* _Prompt_
Every entry should be repeated exactly as written.

###

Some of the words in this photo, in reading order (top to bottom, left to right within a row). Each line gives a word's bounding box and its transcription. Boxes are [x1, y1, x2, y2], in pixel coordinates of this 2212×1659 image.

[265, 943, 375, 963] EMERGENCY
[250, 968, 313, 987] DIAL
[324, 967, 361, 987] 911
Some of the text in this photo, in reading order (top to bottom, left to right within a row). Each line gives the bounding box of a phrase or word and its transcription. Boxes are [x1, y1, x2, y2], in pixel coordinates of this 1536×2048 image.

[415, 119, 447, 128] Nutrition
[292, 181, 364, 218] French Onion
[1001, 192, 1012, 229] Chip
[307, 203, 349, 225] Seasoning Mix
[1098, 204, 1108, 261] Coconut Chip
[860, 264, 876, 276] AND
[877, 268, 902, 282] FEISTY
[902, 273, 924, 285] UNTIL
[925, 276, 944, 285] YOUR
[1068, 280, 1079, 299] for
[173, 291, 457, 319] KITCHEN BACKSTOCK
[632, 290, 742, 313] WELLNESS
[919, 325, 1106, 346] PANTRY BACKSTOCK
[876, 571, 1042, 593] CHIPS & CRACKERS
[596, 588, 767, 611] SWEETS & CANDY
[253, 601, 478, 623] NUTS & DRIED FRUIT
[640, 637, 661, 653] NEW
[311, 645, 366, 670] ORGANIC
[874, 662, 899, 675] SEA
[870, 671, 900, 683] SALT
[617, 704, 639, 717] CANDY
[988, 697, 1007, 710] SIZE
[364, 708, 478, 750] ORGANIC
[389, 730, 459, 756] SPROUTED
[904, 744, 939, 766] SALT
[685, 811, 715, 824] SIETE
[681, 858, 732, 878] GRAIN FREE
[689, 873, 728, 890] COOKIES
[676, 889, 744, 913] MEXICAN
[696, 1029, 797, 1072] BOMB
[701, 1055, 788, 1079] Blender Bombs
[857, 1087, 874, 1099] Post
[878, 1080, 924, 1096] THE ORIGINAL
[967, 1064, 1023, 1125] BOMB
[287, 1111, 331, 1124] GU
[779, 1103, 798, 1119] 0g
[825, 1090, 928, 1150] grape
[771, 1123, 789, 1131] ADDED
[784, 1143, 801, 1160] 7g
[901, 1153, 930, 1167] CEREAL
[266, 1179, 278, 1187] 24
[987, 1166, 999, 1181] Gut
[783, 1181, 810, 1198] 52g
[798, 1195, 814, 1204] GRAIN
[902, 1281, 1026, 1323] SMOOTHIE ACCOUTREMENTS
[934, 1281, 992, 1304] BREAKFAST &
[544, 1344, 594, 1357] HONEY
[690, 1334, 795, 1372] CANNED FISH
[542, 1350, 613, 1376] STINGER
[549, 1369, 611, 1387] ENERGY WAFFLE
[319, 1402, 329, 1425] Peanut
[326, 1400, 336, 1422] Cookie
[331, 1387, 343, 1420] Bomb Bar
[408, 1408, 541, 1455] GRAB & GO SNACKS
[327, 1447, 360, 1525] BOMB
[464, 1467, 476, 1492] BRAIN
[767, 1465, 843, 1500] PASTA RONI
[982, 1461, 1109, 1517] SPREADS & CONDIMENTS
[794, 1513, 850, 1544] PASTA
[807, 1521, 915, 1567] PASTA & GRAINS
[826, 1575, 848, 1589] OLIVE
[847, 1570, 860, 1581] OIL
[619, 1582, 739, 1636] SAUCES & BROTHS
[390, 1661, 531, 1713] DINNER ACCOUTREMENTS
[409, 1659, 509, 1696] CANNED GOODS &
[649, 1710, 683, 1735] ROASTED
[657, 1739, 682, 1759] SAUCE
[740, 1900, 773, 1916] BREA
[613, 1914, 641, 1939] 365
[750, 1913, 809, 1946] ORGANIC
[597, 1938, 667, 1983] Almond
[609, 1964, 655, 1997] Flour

###

* _Task result_
Some of the words in this photo, in reading order (top to bottom, left to right within a row). Each line gives a word's bounding box and its transcription. Boxes are [x1, y1, x2, y2], in pixel coordinates of this 2212×1659 image.

[265, 943, 375, 963] EMERGENCY
[250, 968, 313, 987] DIAL
[324, 967, 361, 987] 911
Some of the text in this photo, in reading order (top to bottom, left to right within a row). Each line gives the bounding box of a phrase or word and its transcription. Boxes are [x1, y1, x2, y2], in pixel coordinates of this 1536×2048 image.

[415, 119, 447, 128] Nutrition
[292, 181, 364, 218] French Onion
[1001, 192, 1012, 229] Chip
[307, 203, 349, 225] Seasoning Mix
[1098, 204, 1108, 261] Coconut Chip
[860, 264, 876, 276] AND
[877, 268, 902, 282] FEISTY
[902, 273, 924, 285] UNTIL
[925, 276, 944, 285] YOUR
[1068, 280, 1079, 299] for
[173, 291, 457, 319] KITCHEN BACKSTOCK
[632, 290, 742, 313] WELLNESS
[919, 325, 1106, 346] PANTRY BACKSTOCK
[876, 571, 1042, 593] CHIPS & CRACKERS
[596, 588, 767, 611] SWEETS & CANDY
[253, 601, 478, 623] NUTS & DRIED FRUIT
[640, 637, 661, 653] NEW
[311, 645, 366, 670] ORGANIC
[874, 662, 899, 675] SEA
[870, 671, 900, 683] SALT
[617, 704, 639, 717] CANDY
[988, 697, 1007, 710] SIZE
[364, 708, 478, 750] ORGANIC
[389, 730, 459, 756] SPROUTED
[904, 744, 939, 766] SALT
[685, 811, 715, 824] SIETE
[681, 858, 732, 878] GRAIN FREE
[689, 873, 728, 890] COOKIES
[676, 889, 744, 913] MEXICAN
[696, 1029, 797, 1072] BOMB
[701, 1055, 788, 1079] Blender Bombs
[857, 1087, 874, 1099] Post
[878, 1080, 924, 1096] THE ORIGINAL
[967, 1064, 1023, 1125] BOMB
[287, 1111, 331, 1124] GU
[779, 1103, 798, 1119] 0g
[825, 1090, 928, 1150] grape
[771, 1123, 789, 1131] ADDED
[784, 1143, 801, 1160] 7g
[901, 1153, 930, 1167] CEREAL
[266, 1179, 278, 1187] 24
[987, 1166, 999, 1181] Gut
[783, 1181, 810, 1198] 52g
[798, 1195, 814, 1204] GRAIN
[902, 1281, 1026, 1323] SMOOTHIE ACCOUTREMENTS
[934, 1281, 992, 1304] BREAKFAST &
[544, 1344, 594, 1357] HONEY
[690, 1334, 795, 1372] CANNED FISH
[542, 1350, 613, 1376] STINGER
[549, 1369, 611, 1387] ENERGY WAFFLE
[319, 1402, 329, 1425] Peanut
[326, 1400, 336, 1422] Cookie
[331, 1387, 343, 1420] Bomb Bar
[408, 1408, 541, 1455] GRAB & GO SNACKS
[327, 1447, 360, 1525] BOMB
[464, 1467, 476, 1492] BRAIN
[767, 1465, 843, 1500] PASTA RONI
[982, 1461, 1109, 1517] SPREADS & CONDIMENTS
[794, 1513, 850, 1544] PASTA
[807, 1521, 915, 1567] PASTA & GRAINS
[826, 1575, 848, 1589] OLIVE
[847, 1570, 860, 1581] OIL
[619, 1582, 739, 1636] SAUCES & BROTHS
[390, 1661, 531, 1713] DINNER ACCOUTREMENTS
[409, 1659, 509, 1696] CANNED GOODS &
[649, 1710, 683, 1735] ROASTED
[657, 1739, 682, 1759] SAUCE
[740, 1900, 773, 1916] BREA
[613, 1914, 641, 1939] 365
[750, 1913, 809, 1946] ORGANIC
[597, 1938, 667, 1983] Almond
[609, 1964, 655, 1997] Flour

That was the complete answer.